According to the country’s education minister, the price hike should get people to “study in areas where there is expected growth in job opportunities”. More details about the fee increases in Australia are here.
What could possibly go wrong?
This worldwide trend is bad, for several reasons.
In my opinion, the article I linked above pushes too much on the deliberate conspiracy side, by writing: “This is not surprising. The humanities teach us how to think, not how to execute a job. They build our characters, not our CVs. And they push us to ask questions rather than pick the right answer from options A to D."
I have no reason at all to believe this is a deliberate conspiracy. But it is very likely that the actual result may be the one presented above anyway, that is hardly positive for democracy and real progress.
Of course, the same negative outcome for democracy and real progress can happen by dumbing things down. Here in Italy, I have seen university textbooks on Humanities subjects that, just 20 or 30 years ago would have been only acceptable as high-school textbooks. But that is a topic for another day.
Another very… let’s say myopic position in this move, if reporting is correct, is the active push to get people to “study in areas where there is expected growth in job opportunities”.

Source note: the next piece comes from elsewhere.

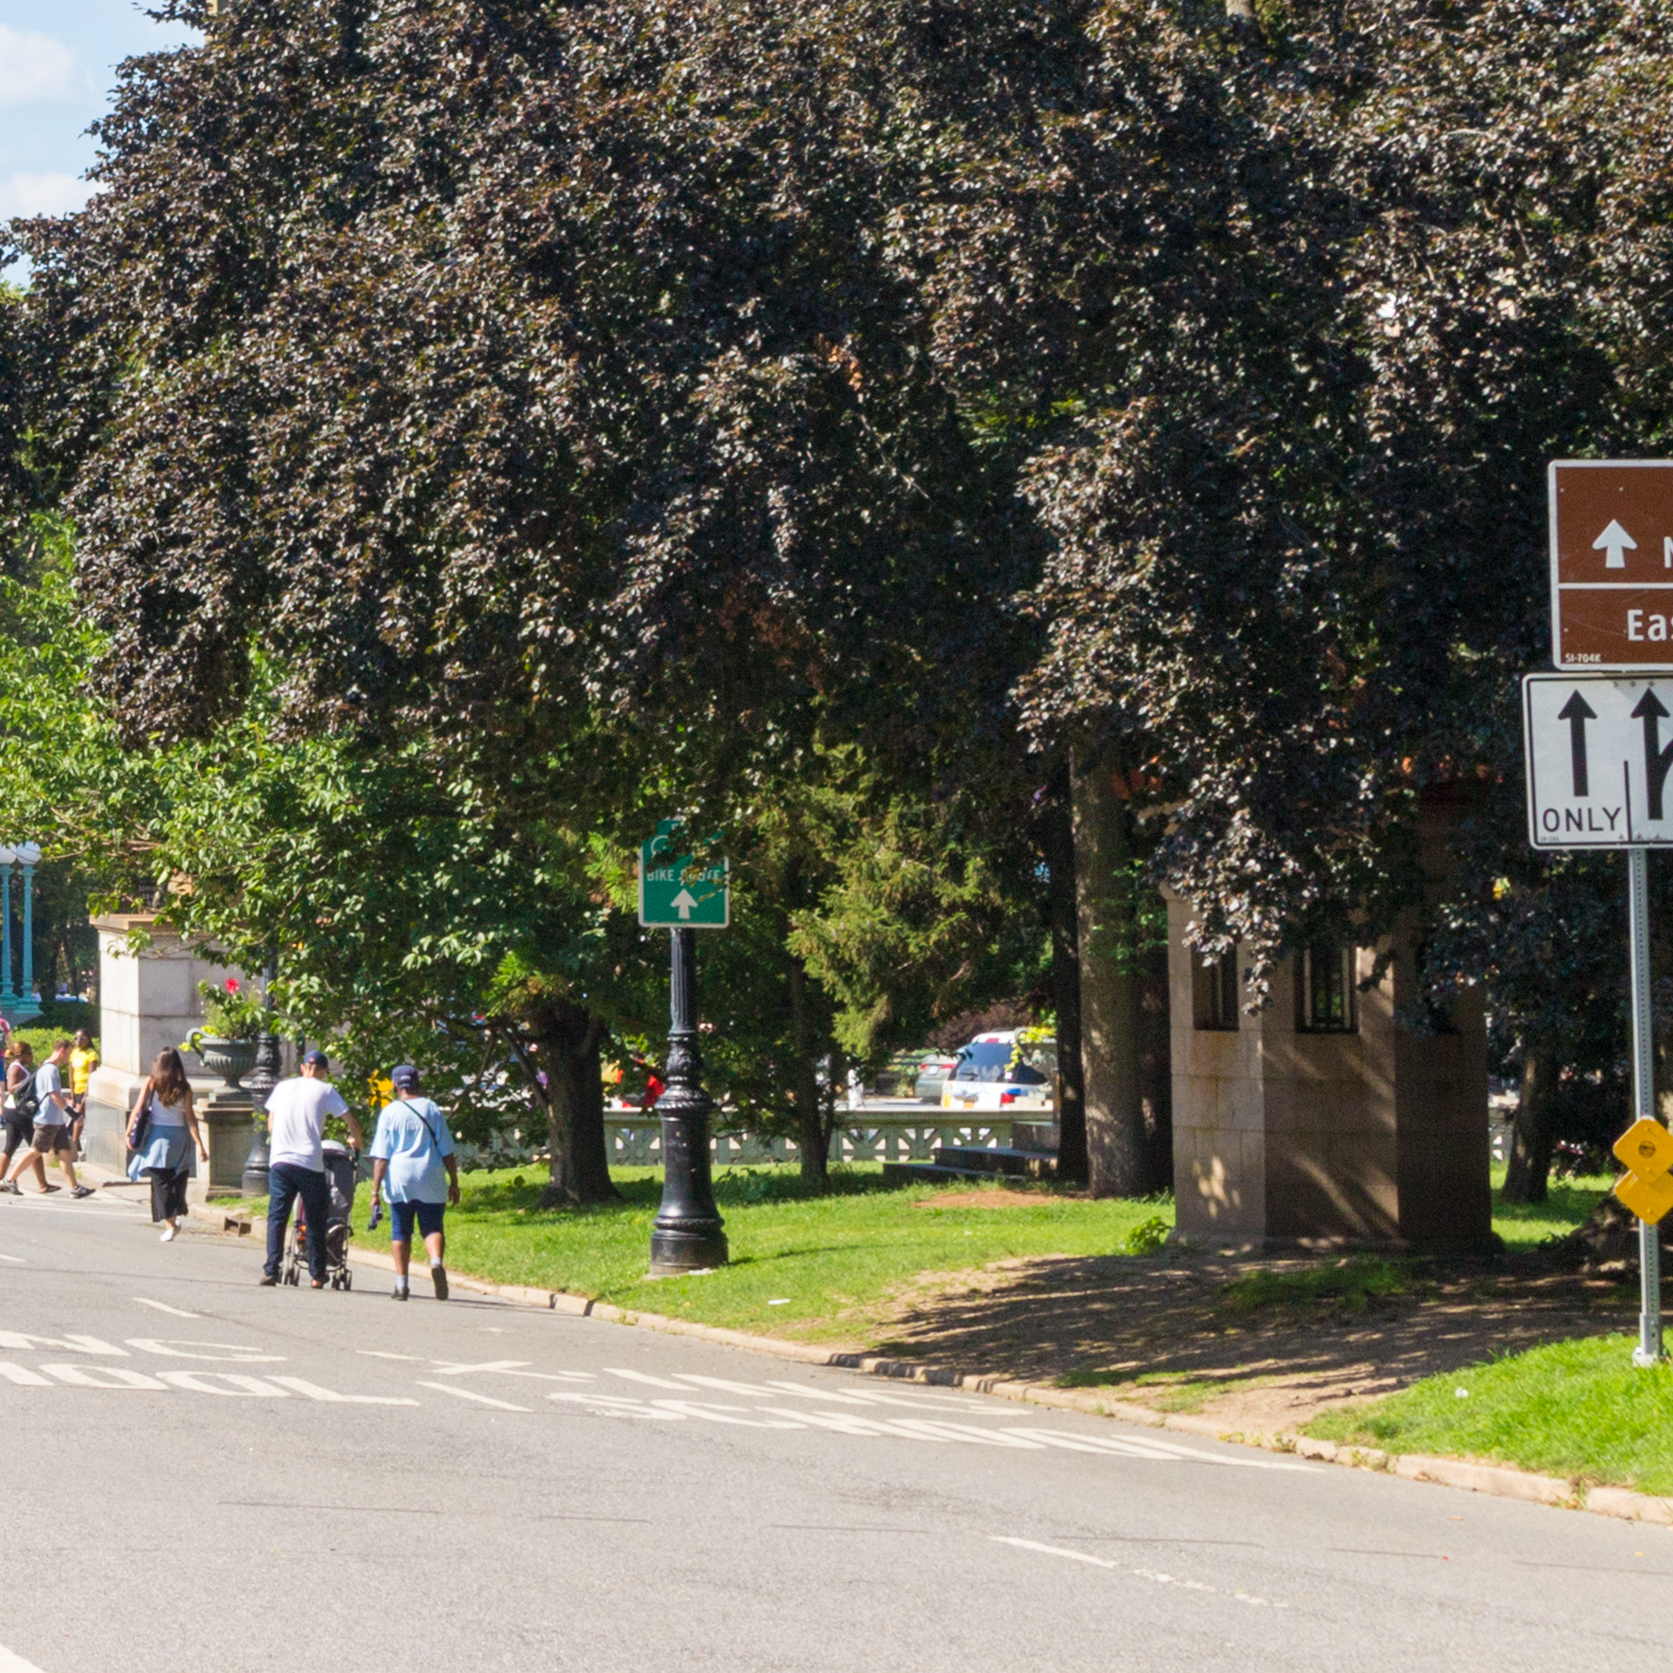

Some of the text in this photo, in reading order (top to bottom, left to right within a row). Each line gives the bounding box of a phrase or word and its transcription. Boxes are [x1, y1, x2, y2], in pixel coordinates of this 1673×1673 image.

[1564, 652, 1602, 664] SI-704K
[1542, 807, 1622, 832] ONLY
[547, 1391, 1326, 1473] SCHOOL

The whole idea that the purpose of education is to prepare for a (specific) job, and make people more employable/hireable is a very stupid, very dangerous mistake. That is the purpose of (job) training, NOT of education. The purpose of education should be to form responsible, mature adult citizens. Even if this were true, the idea that, in an age of NO lifetime employment and job markets changing very quickly, “growth in job opportunities” can be reasonably estimated is a bit too naive.
Another dangerous (for democracy) effect of making real, proper study of Humanities more expensive is to make affordable only for incumbent elites the degrees that may make one work best as a parliamentary representative.
Finally, let’s not forget that the very idea that appreciating good literature, music etc… is, or should be, “high education” is elitist. All waiters, miners, janitors, construction workers… should be able to “get” and “use” opera music, novels, politics essays to live richer lives… as much as the average PhD. Where “get”, of course, does NOT mean “I don’t trust experts because I found alternative facts online”…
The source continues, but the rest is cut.